Guérir, tel est le but de nombre de voyageurs atteints du fléau fatal de la tuberculose. Ce sera aussi celui désespérément recherché par Katherine Mansfield (1888-1923) lorsqu’elle aura franchi, comme elle l’écrit dans une lettre, « la frontière du pays des ombres que nous habitons, nous, les exilés de la santé ». Un exil terrible où elle est peu à peu reléguée, en contraste avec l’exil joyeux pour lequel elle a opté à 19 ans, et qui lui a fait quitter sa ville de naissance, Wellington, la capitale de la Nouvelle-Zélande (alors colonie de l’Empire britannique). Quarante jours sur mer. C’est beaucoup. C’est peu aux yeux de la jeune rebelle qui n’a cessé de se battre contre l’esprit bourgeois de sa famille, contre son père qui lui interdit, en dépit de son don éclatant, la poursuite d’études de violoncelliste, contre sa mère, rigide et résignée, l’image même de la femme qu’elle refuse de devenir. Katherine Mansfield, née Kathleen Beauchamp, a publié son premier texte à 18 ans. Un début discret pour une carrière littéraire dans laquelle elle désire s’affirmer en Angleterre.

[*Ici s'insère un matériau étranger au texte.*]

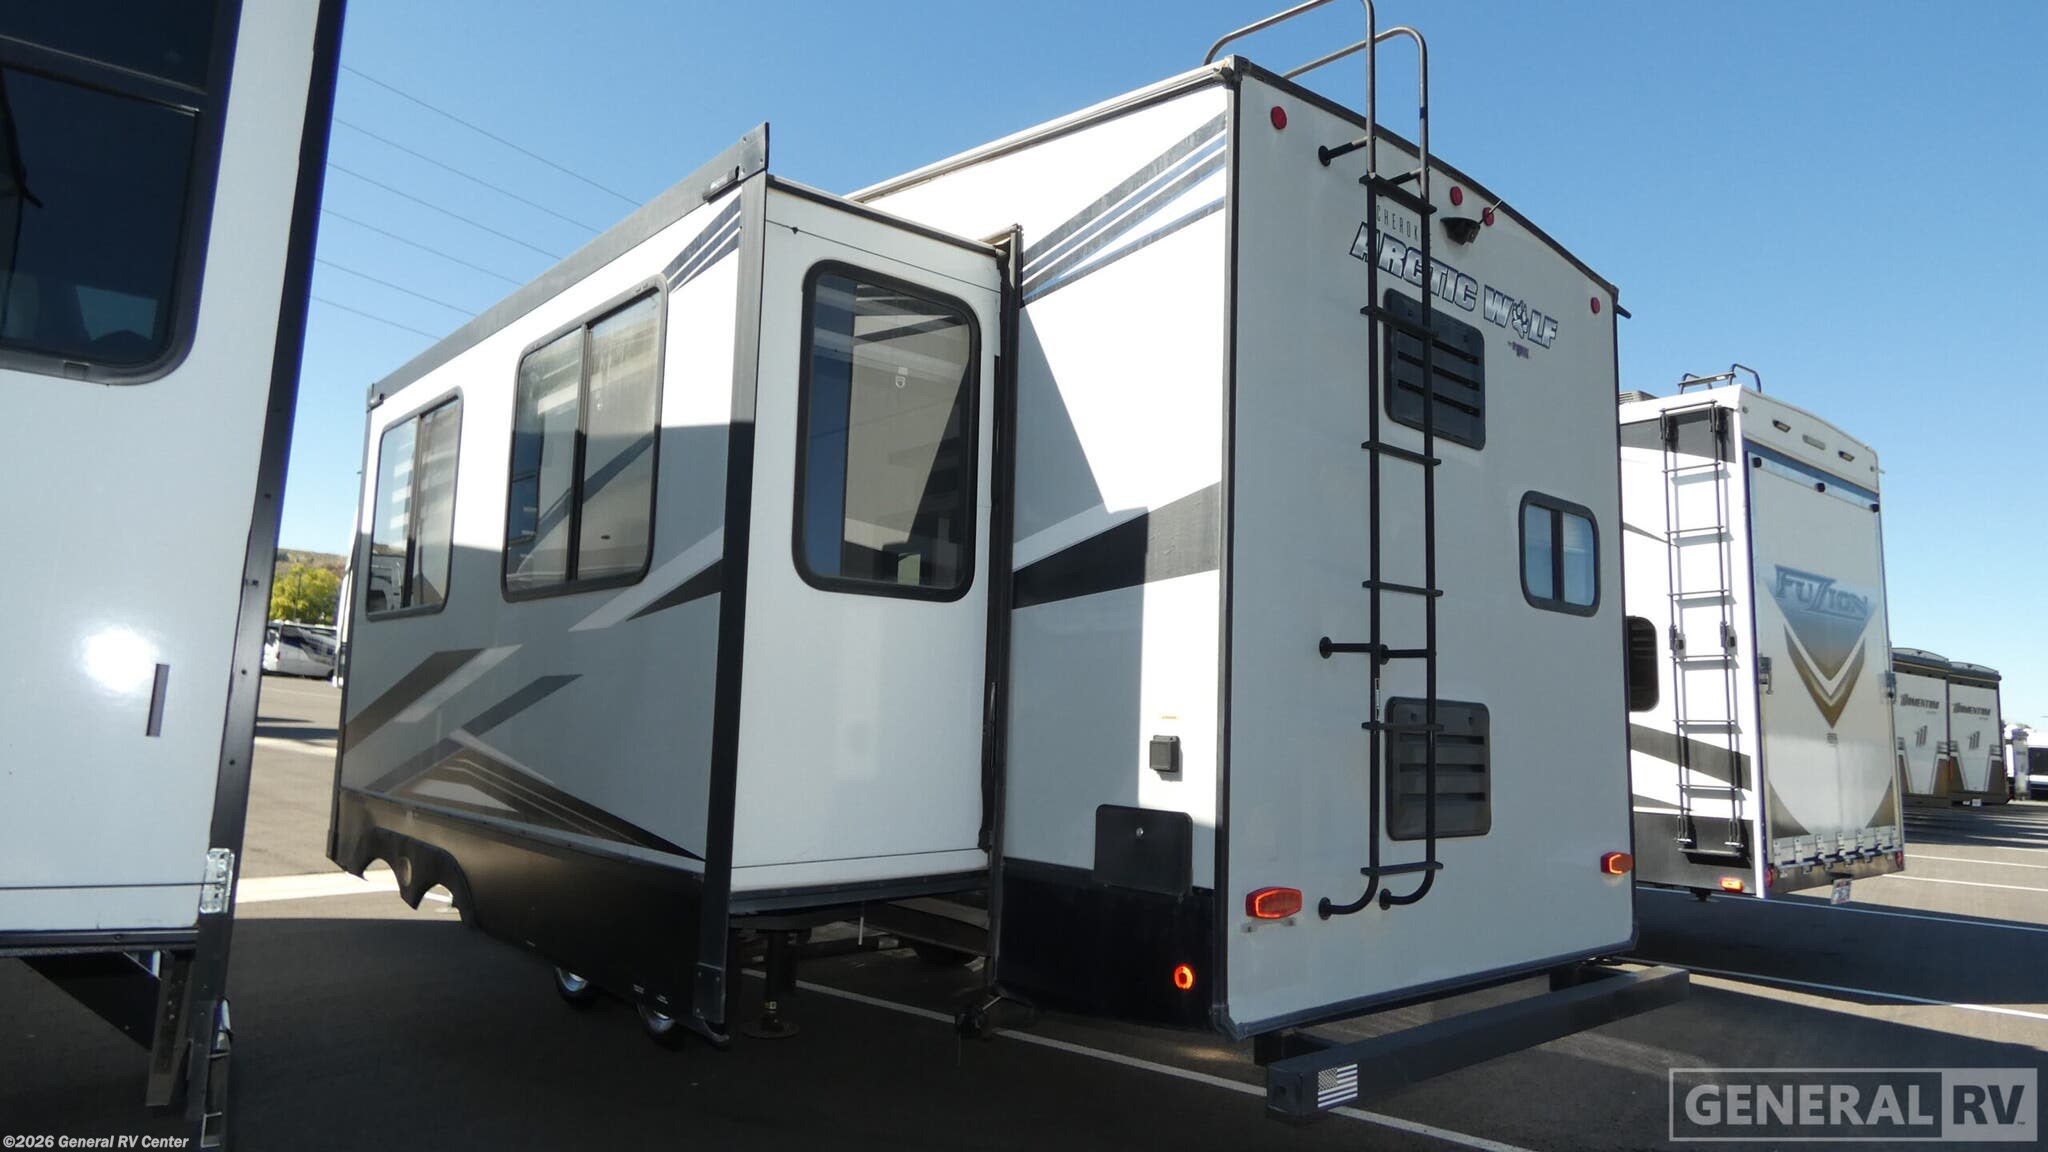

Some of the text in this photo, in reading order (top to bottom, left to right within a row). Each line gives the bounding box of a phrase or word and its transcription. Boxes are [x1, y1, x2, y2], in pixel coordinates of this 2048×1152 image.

[1376, 204, 1431, 248] CHEROK
[1350, 221, 1479, 312] ARCTIC
[1774, 564, 1868, 621] FUZION

Aussitôt à Londres, la jeune fille se lance dans la bohème. Avec ses cheveux coupés à la garçonne, son accent, son talent pour la danse et le chant, son goût pour les bars, les vêtements aux couleurs vives, ses manières directes, elle attire et choque à la fois. Dans une société bourrée de principes, la Néo-Zélandaise, qui a eu des amitiés avec les Maoris, apparaît exotique. Katherine Mansfield, elle, n’a qu’un principe : sa dévotion à l’art. Pour le reste, elle suit ses impulsions. Et elle va payer très cher – du prix de sa santé, c’est-à-dire de sa vie – l’abîme qui la sépare du comportement alors autorisé pour les femmes. Si jeune, elle subit une fausse couche, une brutale opération (ovariectomie), une maladie vénérienne (non détectée, qui la fera souffrir toute son existence de ce qu’elle croit être un rhumatisme) et, enfin, la tuberculose. Elle a un premier mariage, bref – elle se sépare le lendemain de la nuit de noces –, puis un second avec un homme timide et renfermé, critique littéraire, John Middleton Murry, qui demeurera, parmi ses rencontres avec D. H. Lawrence ou Francis Carco, son interlocuteur fidèle. J’ai tant « d’ennemis » à combattre, se plaint-elle à propos de ses maux. Mais l’Ennemi, à l’origine de sa rapide destruction, est le puritanisme. Katherine Mansfield fut, comme Oscar Wilde, une assassinée de la société victorienne.